More than half of Kinzinger’s GOP primary challengers believe Trump won the 2020 election

That’s despite clear evidence to the contrary

Even though allegations of widespread fraud in the 2020 presidential election haven’t been substantiated, four conservatives challenging Republican U.S. Rep. Adam Kinzinger for his congressional seat insist that Donald Trump actually won reelection.

All four maintain that Democrat Joe Biden holds the Oval Office only through chicanery.

“I believe that is likely,” said James Marter, an Oswego software consultant running for the 16th Congressional District post. “There were serious irregularities across the nation.”

Like many Trump loyalists, Marter has taken his stolen election narrative to social media.

“I stand by President Trump, do you?” Marter, who sought the 14th District seat in 2020, tweeted on Aug. 12. “There was fraud and we are working on proving it!”

Fellow 16th District candidates Teresa Pfaff and Geno Young also ardently believe Biden wrongfully occupies the White House.

“It was stolen,” said Young, a musician from Chicago. “And yes, President Trump was the winner.”

Pfaff, a Machesney Park resident who works at a home improvement distribution center, went even further.

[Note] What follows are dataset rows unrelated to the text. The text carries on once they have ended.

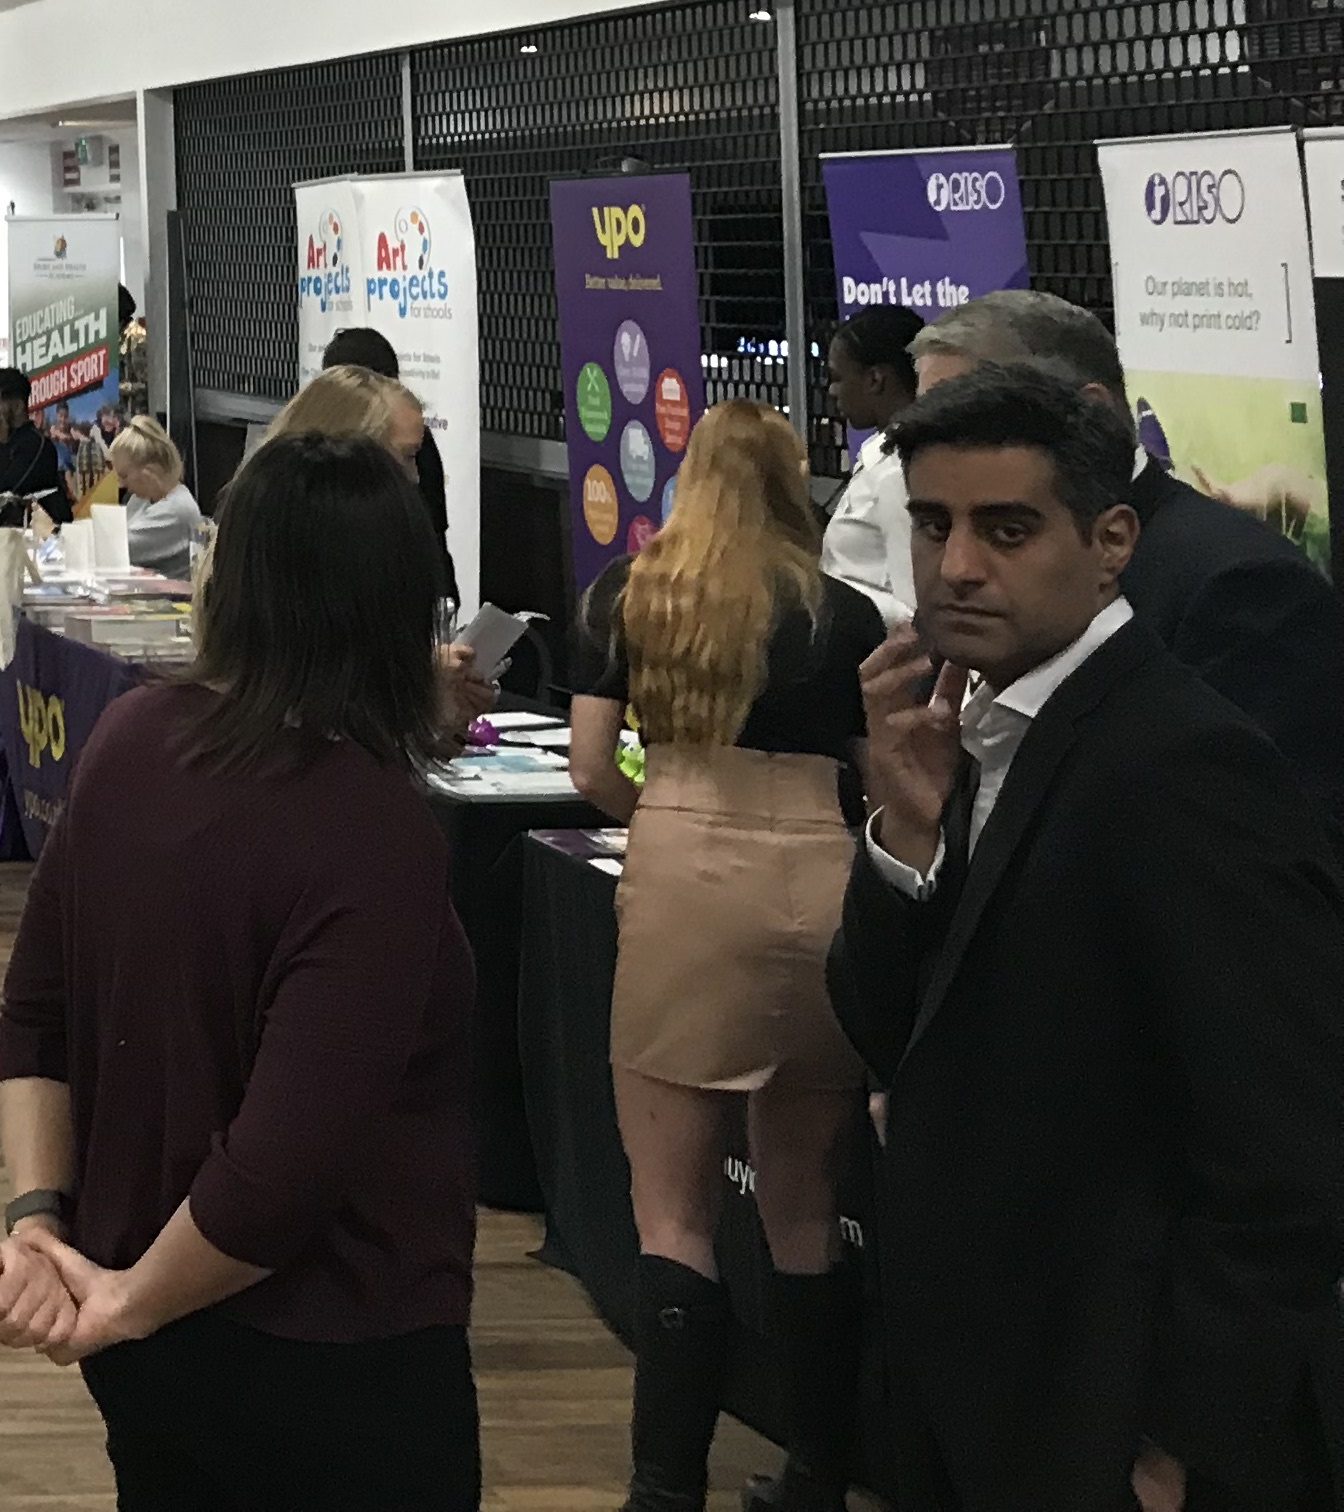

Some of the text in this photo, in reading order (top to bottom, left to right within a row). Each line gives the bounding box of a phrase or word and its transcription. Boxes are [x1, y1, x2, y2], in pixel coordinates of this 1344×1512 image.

[949, 171, 1005, 211] RISO
[1173, 169, 1245, 225] RISO
[307, 233, 328, 270] Art
[376, 231, 408, 272] Art
[592, 204, 646, 259] ypo
[299, 264, 351, 313] projects
[366, 267, 449, 319] projects
[900, 276, 933, 307] Let
[936, 275, 970, 307] the
[1144, 274, 1168, 298] Our
[1171, 276, 1210, 299] planet
[1213, 277, 1224, 298] is
[15, 307, 108, 373] HEALTH
[1139, 307, 1262, 333] why not print cold?
[28, 349, 107, 409] ROUGH SPORT
[17, 678, 66, 769] ypo
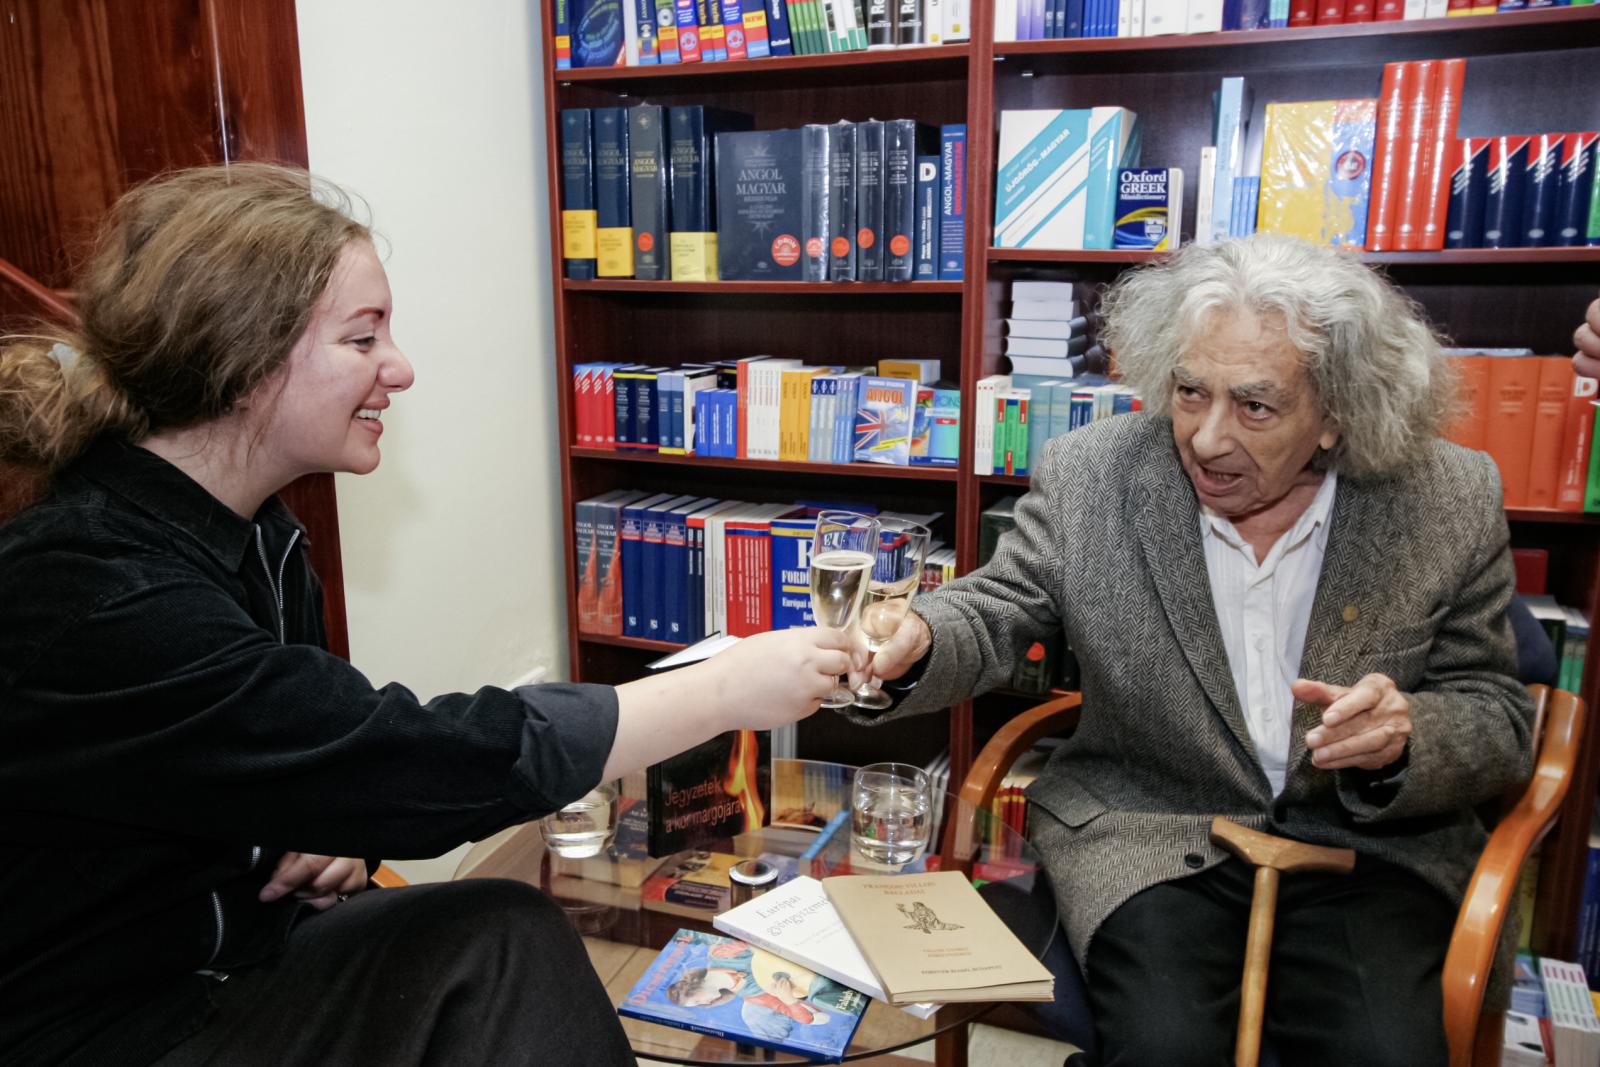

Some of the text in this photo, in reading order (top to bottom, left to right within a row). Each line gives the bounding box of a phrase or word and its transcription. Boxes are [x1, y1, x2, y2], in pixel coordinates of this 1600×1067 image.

[738, 168, 783, 182] ANGOL
[919, 162, 937, 181] D
[1120, 170, 1167, 184] Oxford
[736, 183, 787, 195] MAGYAR
[1120, 183, 1166, 194] GREEK
[664, 776, 722, 807] Jegyzetek

“I do believe President Trump is the legitimate president of the United States of America,” she said.

Pfaff questioned how Trump led in some key states on election night but was behind the next day.

“Where did those votes come from?” she asked.

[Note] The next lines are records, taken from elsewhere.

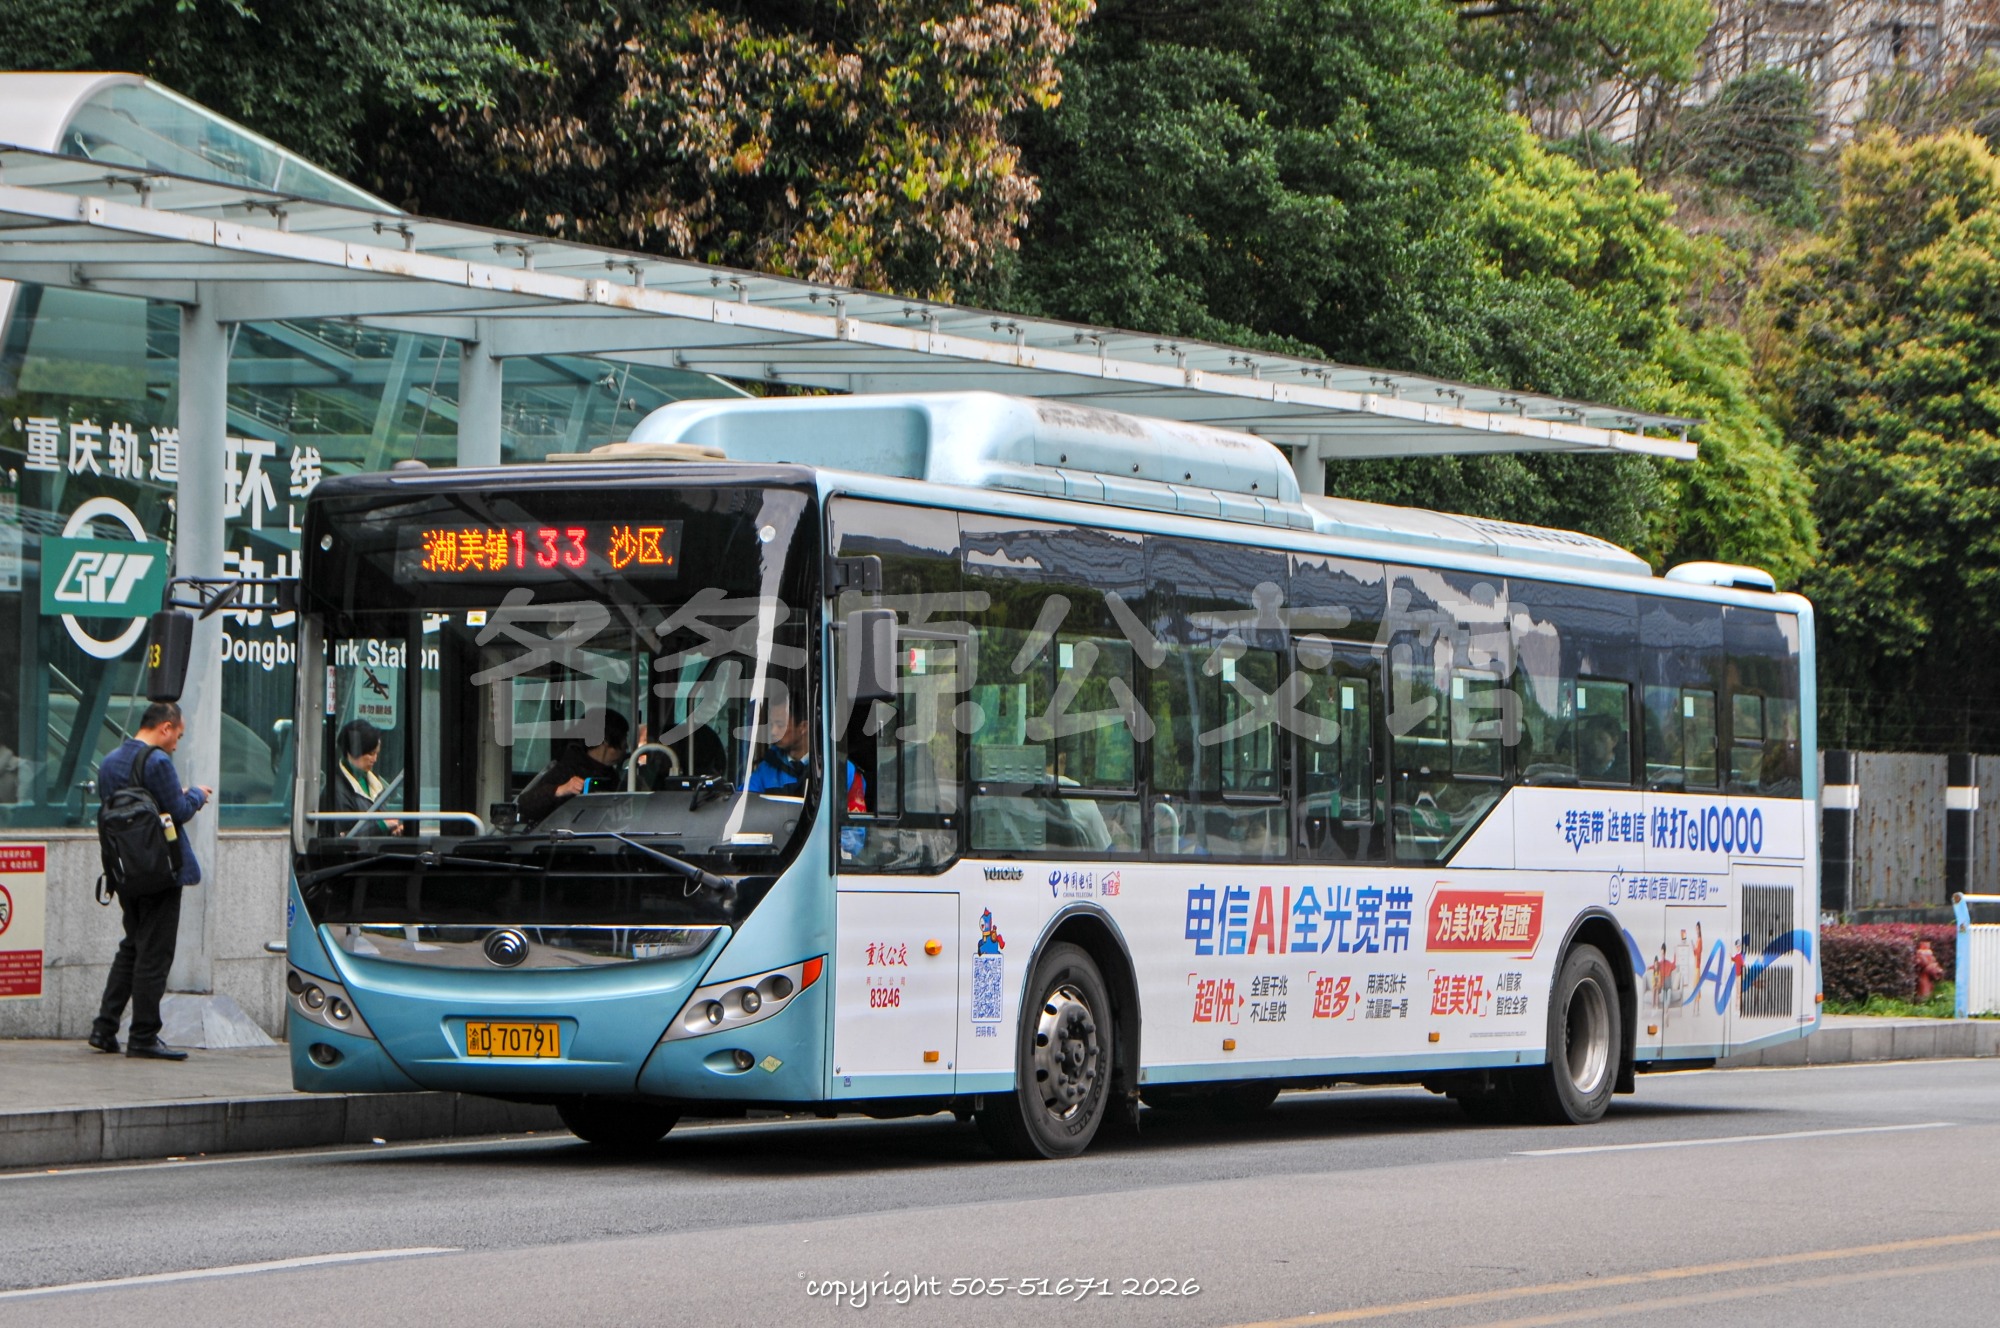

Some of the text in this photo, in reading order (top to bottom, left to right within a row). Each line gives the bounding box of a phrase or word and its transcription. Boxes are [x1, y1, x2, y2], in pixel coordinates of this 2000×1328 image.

[24, 416, 180, 483] 重庆轨道
[511, 529, 587, 568] 133
[367, 638, 440, 670] Staton
[1062, 871, 1093, 891] 中国电信
[1184, 883, 1414, 957] 电信AI全光宽带
[1434, 903, 1535, 943] 为美好家提速
[865, 942, 908, 967] 重庆公交
[870, 987, 900, 1008] 83246
[1192, 975, 1237, 1023] 超快
[1312, 976, 1352, 1019] 超多
[1366, 973, 1407, 994] 用满5张卡
[1430, 974, 1484, 1016] 超美好
[1249, 1000, 1288, 1024] 不止是快
[1496, 995, 1529, 1016] 智控全家

In fact, election officials and experts in Illinois and other states have said Biden pulled ahead as authorities counted millions of votes cast early and by mail, an option that was particularly popular in 2020 because of the COVID-19 pandemic. Election results have shown that most people who vote by mail back Democratic candidates, and that was the case last year.

In contrast, many Republican candidates, including Trump, grumbled about voting by mail and didn’t promote it. Election watchers dubbed the resulting phenomena “the red mirage.”

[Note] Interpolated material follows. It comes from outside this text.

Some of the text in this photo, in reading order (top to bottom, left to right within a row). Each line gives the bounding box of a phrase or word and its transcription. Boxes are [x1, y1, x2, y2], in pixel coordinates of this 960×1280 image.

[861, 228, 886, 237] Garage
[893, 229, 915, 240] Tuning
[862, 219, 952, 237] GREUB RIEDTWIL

Like Marter, Young and Pfaff, GOP candidate Michael Rebresh of Minooka said Biden fraudulently stole the White House from Trump. But Rebresh acknowledged that Biden was named president by “a legal and constitutional process.”

“Though I may not agree with the decision, I do respect the Constitution and its laws,” said Rebresh, a truck driver.

Kinzinger, a six-term Republican congressman from Channahon, adamantly disagreed with some of his challengers regarding the 2020 election.

He has criticized Trump and other Republicans for lying about the election results and for spreading conspiracy theories, becoming a pariah within the GOP for taking that and other anti-Trump stances.

“Those who wish to peddle in conspiracy theories and outright lies are not leaders,” Kinzinger told the Daily Herald last month.

Two other Republicans in the race – Catalina Lauf of Woodstock and Jack Lombardi of Manhattan – suspect that the election was marred by fraud and believe investigations are warranted.

But neither called Trump the rightful president.

“Joe Biden is in the White House, and I do not subscribe to crazy conspiracy theories that he will be replaced by some mysterious force,” said Lombardi, an internet entrepreneur.

Yet in July, Lombardi posted a tweet that questioned whether Biden is the proper president. When asked about it, he called the comment a joke.

“At the same time, I believe there are legitimate questions about the 2020 elections,” Lombardi said.

The Lauf campaign released a statement expressing similar doubts.

“There are legitimate questions throughout our country that have been asked about our elections, and those questions should be answered,” according to the statement.

Lauf, an adviser for a children’s nutrition company, ran for the 14th District seat in 2020. She was an adviser at the U.S. Department of Commerce during the Trump administration and touts her connection to the former president on her Twitter account.

In all, seven Republicans have filed preliminary candidate paperwork with the Federal Election Commission in the 16th District race.

Marsha Williams of Wilmington is the lone Democratic hopeful so far. She said no audits of the 2020 election have revealed fraud substantial enough to change the outcome.

“Government officials, judges and elected leaders, some of whom are Republicans, have publicly acknowledged that the election was legitimate,” said Williams, an admissions adviser for a truck-driving school. “It’s time to move forward with our country.”

The 16th District includes all or parts of 14 Illinois counties. It stretches from the far northwest suburbs and the Rockford area to downstate Ford County.

The district’s boundaries certainly will change ahead of the primary election in June 2022. The 2020 census indicated that Illinois’ population decreased over the past decade, so the state will lose one of its 18 congressional seats.